Documentar
lo real. Premisa común al cine de ficción y al cine documental; uno con
actores que interpretan personajes, otro con personajes que se limitan a ser
y exponerse en su ir siendo. Lo real, dirán los más exquisitos, es
–en realidad– "lo real", pero prefiero obviar la suspensión de las comillas
y darle a la realidad el status que se merece: algo es real en tanto
alguien lo construye de tal o cual manera, "ficcional" o "documental". Y la
cuestión no es librar a la ficción de la supuesta cruz de ser ficcional,
sino al documental de la pesada cruz de Retratar-Lo-Real. Claro está: la
realidad que vemos en la peatonal San Martín no es la misma (ni del mismo
tipo) que la que lucubra un guionista en algunas hojas. Las dos se
construyen, sí, pero sólo una cuenta con el misterioso peso que le confiere
el hecho de estar ahí. El "documental" (a diferencia del "cine de
ficción") lidia con ese peso, con la impronta de retratar lo que existe más
allá del cine y de quienes lo traman. Y no es poca cosa.
Vamos al punto:
vi muchos documentales en esta entrega del Festival de Mar del Plata, y no
es lo mismo ver una ficción de enfermos oncológicos y familias desesperadas
que ver una serie de imágenes que retratan con cercanía minuciosa los
últimos días (y, ay, segundos) de cinco enfermos de cáncer.

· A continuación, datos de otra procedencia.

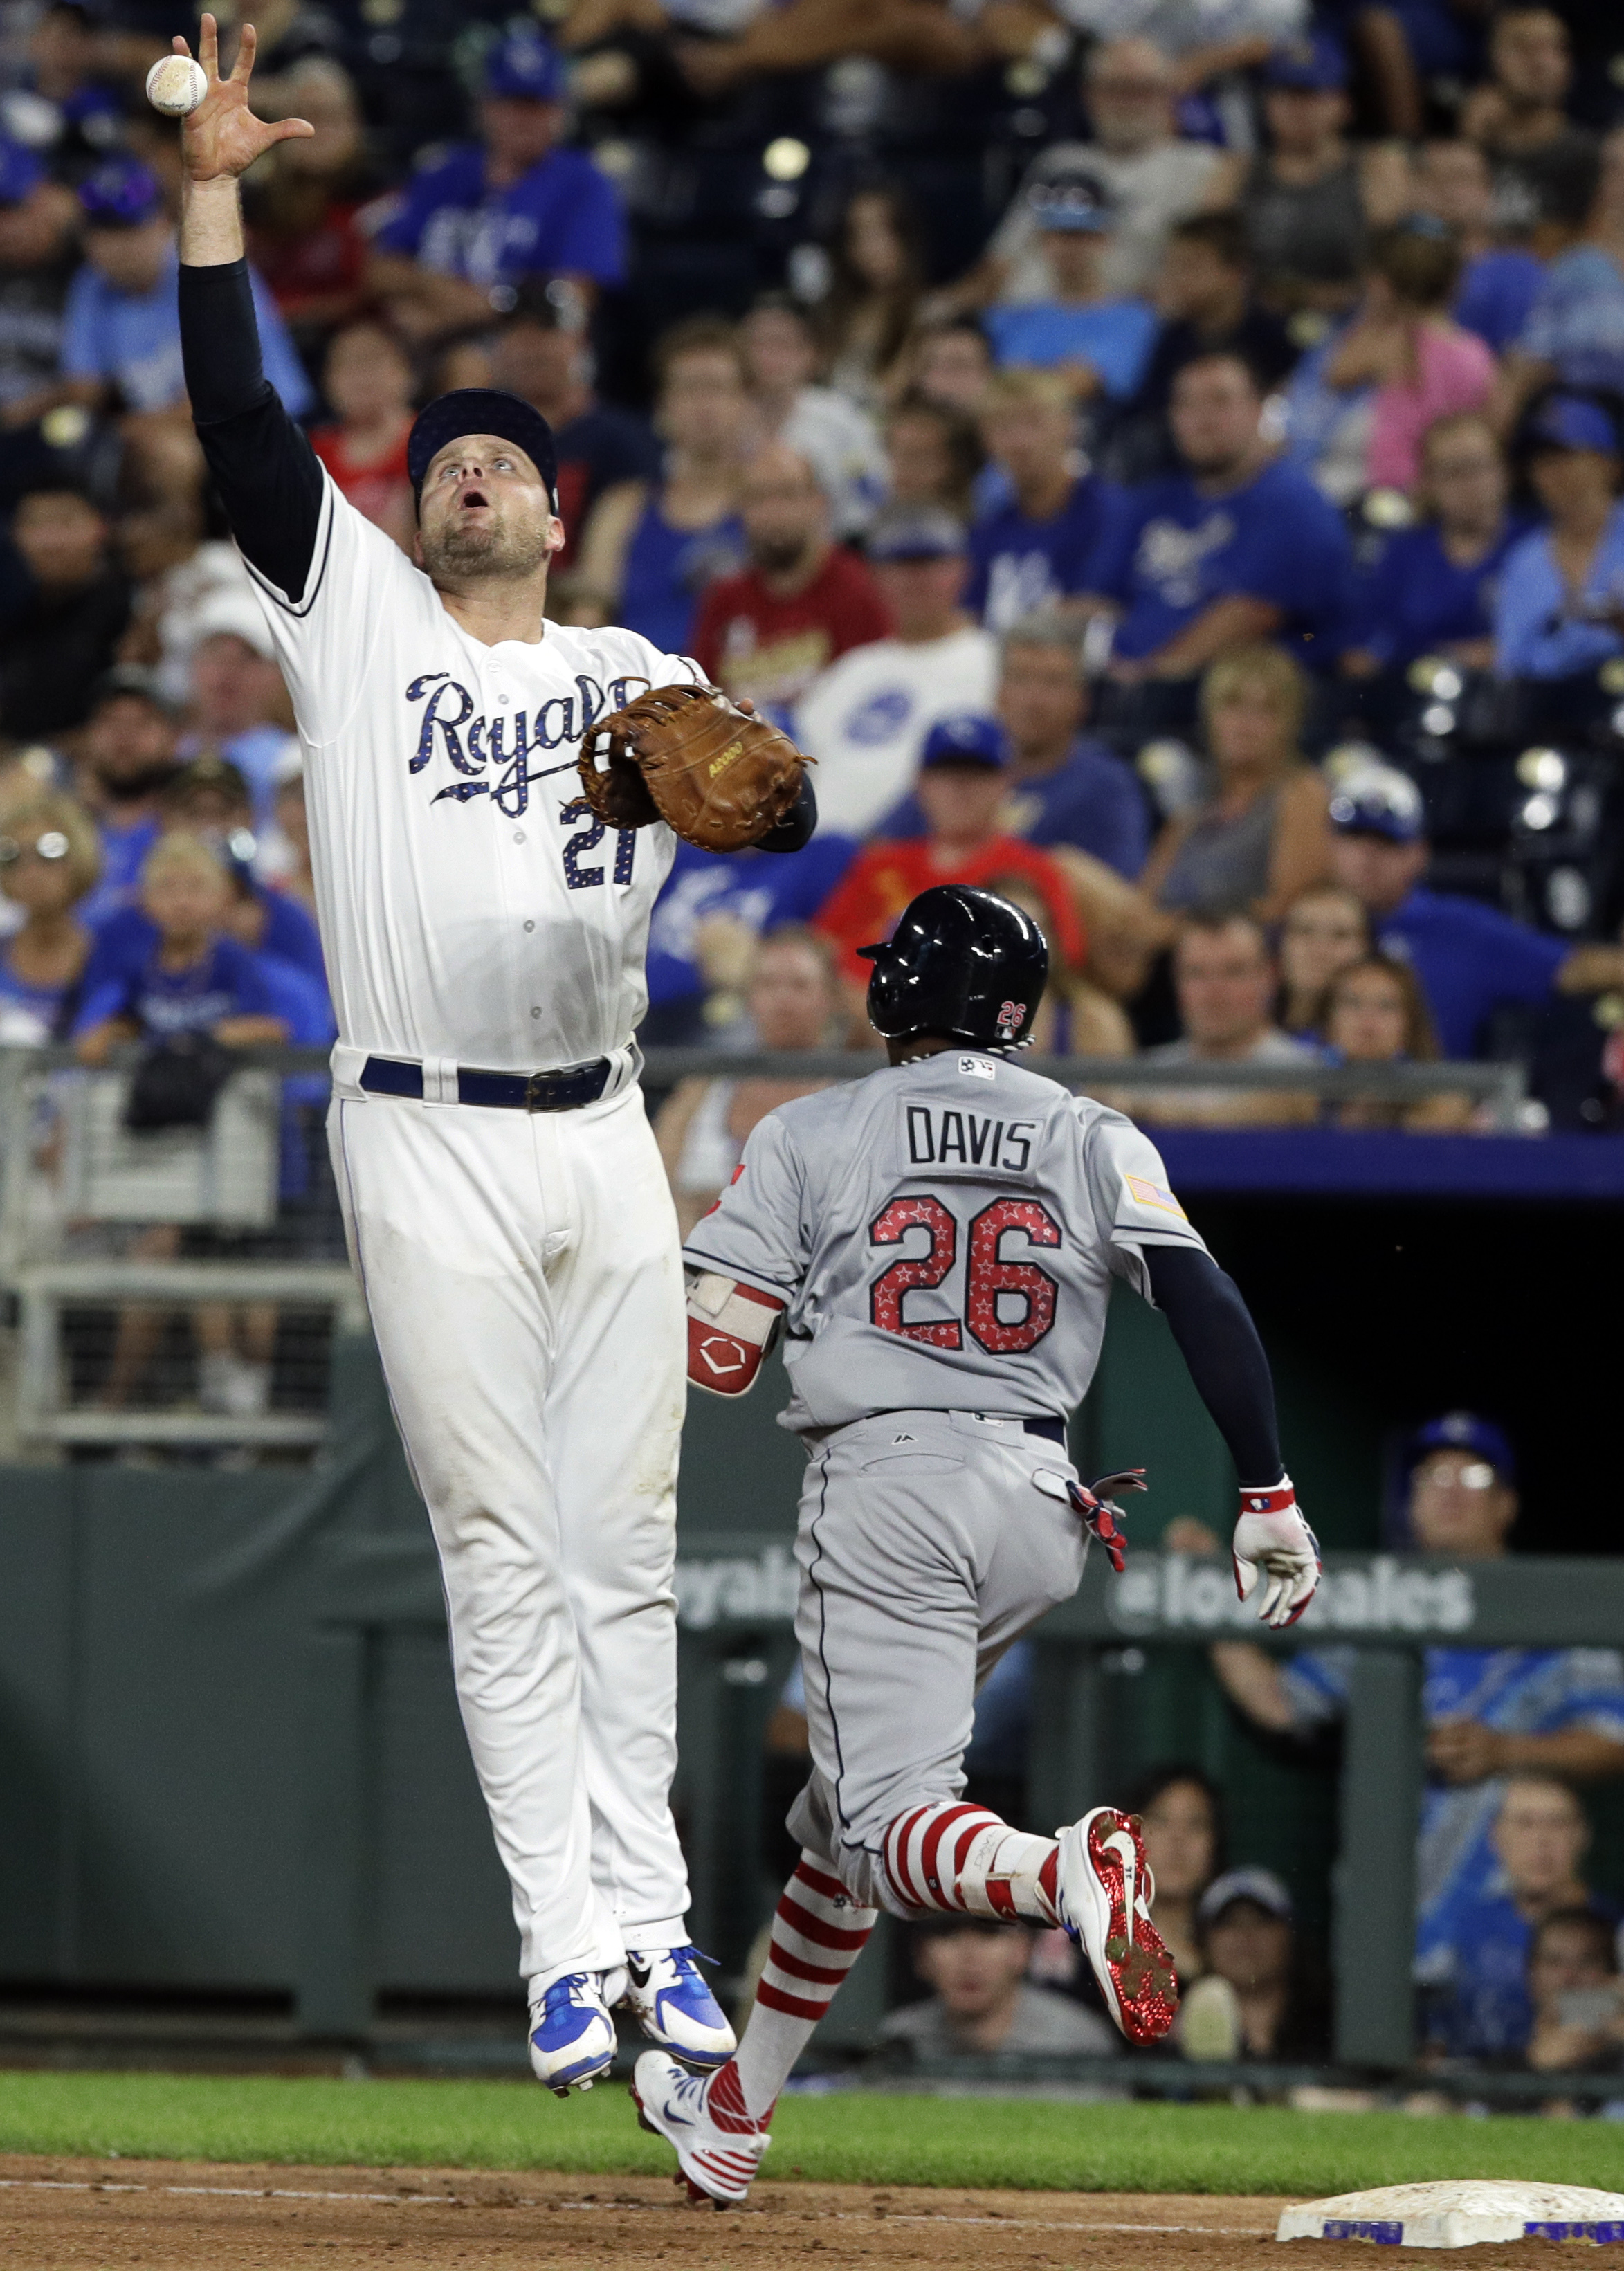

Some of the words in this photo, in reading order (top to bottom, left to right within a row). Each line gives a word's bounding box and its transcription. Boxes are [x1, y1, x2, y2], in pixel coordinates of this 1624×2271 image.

[997, 1001, 1027, 1028] 26
[906, 1106, 1036, 1172] DAVIS
[869, 1194, 1062, 1355] 26
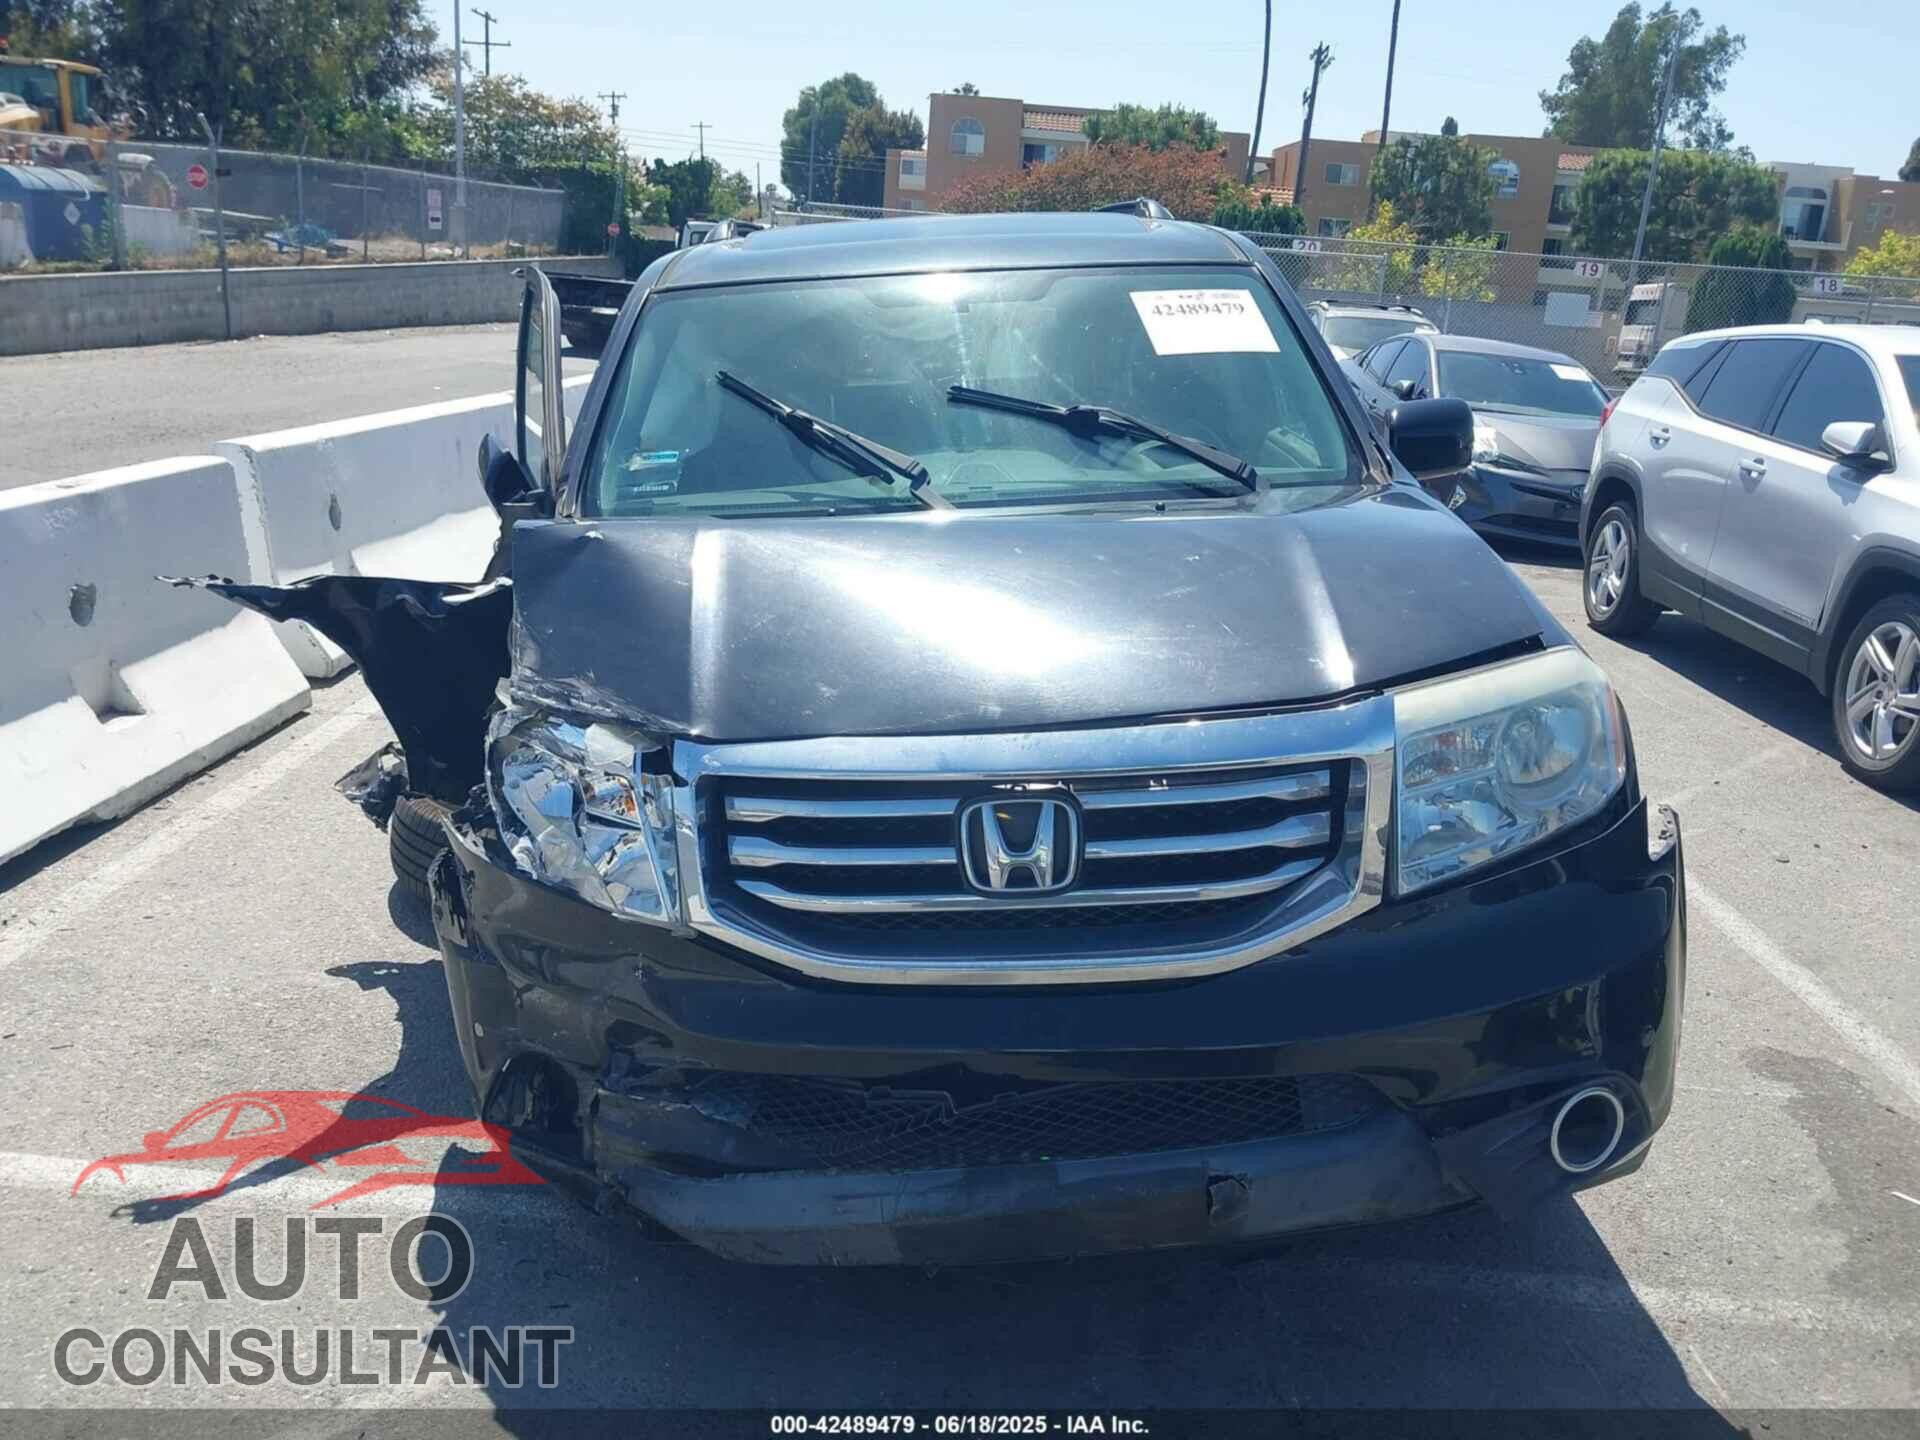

No, no es lo
mismo. Menos que menos para el espectador, que se enfrenta –más que nadie–
con ese peso de lo real que sigue-ahí-afuera. La cuestión del qué y el cómo
se embarra más cuando el qué tiene ese plus óntico, cuando en muchos
casos la sordidez o la crudeza del objeto retratado o el interés que puedan
despertar los temas tratados facilitan la pereza formal y la ausencia de
propuestas por parte del realizador de turno. Es el deber de un
documentalista cuestionar, afirmar, dudar del contenido actual a través de
la forma (nosotros con él). Es mi deber, por otra parte, esforzarme en
eludir tal plus óntico, mirar a los documentales cual si fueran
ficciones –¿por
qué no?–,
mirar al documento más que a lo documentado.
Tercera persona
Ahora sí:
documentales, los hubo para paladares diversos. Con y sin intervención in
situ del realizador, con y sin entrevistas, con y sin búsquedas
estilizadas, políticos, conceptuales, espirituales, en primera, en segunda,
en tercera persona. Empiezo entonces mi recorrida por este embrollo
documental con aquellos que más se emparentan con la tercera persona,
aquellos acercamientos en los que se mira de lejos, se observa sin
involucrarse
Cuatro de
las mejores películas que vi en mi estadía en Mar del Plata comparten un
autor: se trata de los cuatro mediometrajes del documentalista bielorruso
Sergei Loznitsa, incluidos en la sección Ventana Documental. En todos los
casos se exponen realidades a la distancia, se respeta lo que se observa, se
lo deja respirar en pantalla; en cada uno el realizador parece decirnos "ahí
están ellos, mírenlos" (sus títulos –Paisaje, Retrato– son
esclarecedores). Sean pasajeros en trance en Train Stop, la vida de
hombres y máquinas en Factory o las texturas de un puñado de
trabajadores rurales en Portrait, Loznitsa se mantiene fiel a su
apuesta: no hay personajes, no hay diálogos, no se generan tensiones, no hay
narración; en fin, no pasa nada. ¿O sí? Planos fijos (muchos), pocos
movimientos –Landscape es la excepción con sus cadenciosos e
interminables travellings–; el amigo bielorruso parece devolver al cine a
sus comienzos. Sus planos remiten a los de Lumière, a la naturaleza primera
del registro fílmico: acá enfrente hay algo, mirémoslo (lo humano es paisaje
y el paisaje es humano). En este silencioso dejar-ser a lo que documenta, el
documentalista lo respeta en su ambigüedad inherente, deja que surjan las
grietas desde donde el espectador puede ingresar y cuestionar la materia.
Pienso que
quizá se trate de eso: necesito –como espectador de un documento– ver las
grietas, encontrar por dónde mezclarme con esa realidad, ya sea a través de
la pertenencia o de la pregunta. ¿Por qué falla entonces (o por qué me falló
a mi) Dying At Grace?, en el que Allan King sigue la gradual muerte
de cinco pacientes oncológicos (premisa que me atrajo y desilusionó más que
cualquier otra). Acá hay también documentación directa y un realismo que por
momentos supera al del bielorruso, pero King parece apoyarse demasiado en la
agonía de sus protagonistas sin limitarse tampoco a mostrarlos cual
Fábrica de Loznitsa: no hay distancia de observación pero tampoco una
intimidad lograda (que hay momentos, los hay; pero son anecdóticos). King se
mantiene en el contenidismo y cree en el impacto ontológico de la
muerte: no se equivoca. Yo, por lo pronto, no encontré grietas (esas que
surgen de la vida de los planos) para asomarme; sí, en cambio, una bajada de
línea de un trascendentalismo religioso que no me interesa (y apenas pude
soportar a la enfermera que empujaba a los enfermos a creer en su Dios).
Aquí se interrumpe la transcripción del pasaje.